■ What you should do
Output the records exactly as they appear, with no pictures included.

■ Data for this task
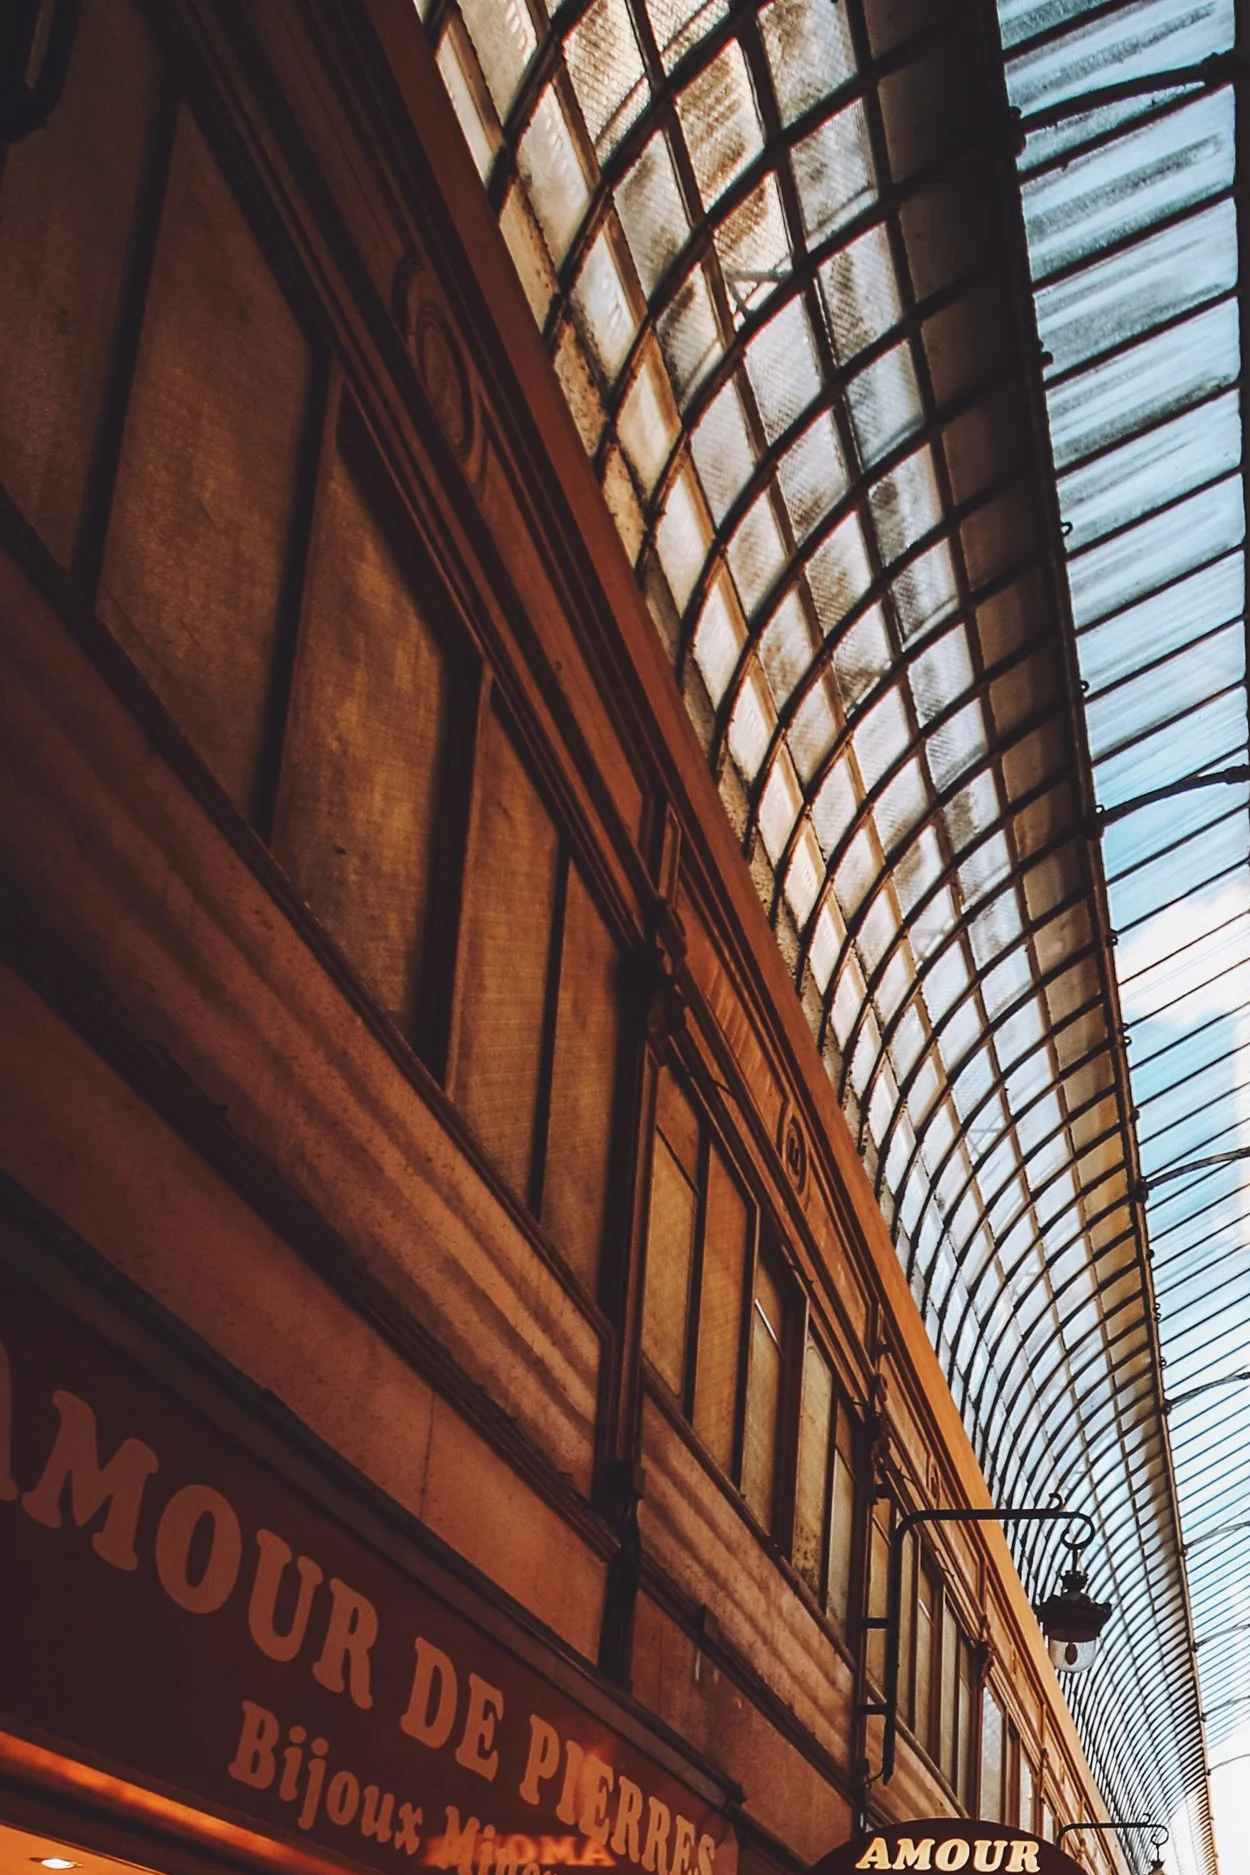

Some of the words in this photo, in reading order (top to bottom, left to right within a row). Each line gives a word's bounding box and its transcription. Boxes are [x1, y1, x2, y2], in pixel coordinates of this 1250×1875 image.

[0, 1340, 379, 1710] MOUR
[400, 1637, 504, 1781] DE
[229, 1701, 423, 1856] Bijoux
[855, 1836, 1041, 1874] AMOUR

■ Output for this task
Some of the words in this photo, in reading order (top to bottom, left to right within a row). Each line gives a word's bounding box and its transcription. Boxes are [x1, y1, x2, y2], in pixel coordinates of this 1250×1875 image.

[0, 1340, 379, 1710] MOUR
[400, 1637, 504, 1781] DE
[229, 1701, 423, 1856] Bijoux
[855, 1836, 1041, 1874] AMOUR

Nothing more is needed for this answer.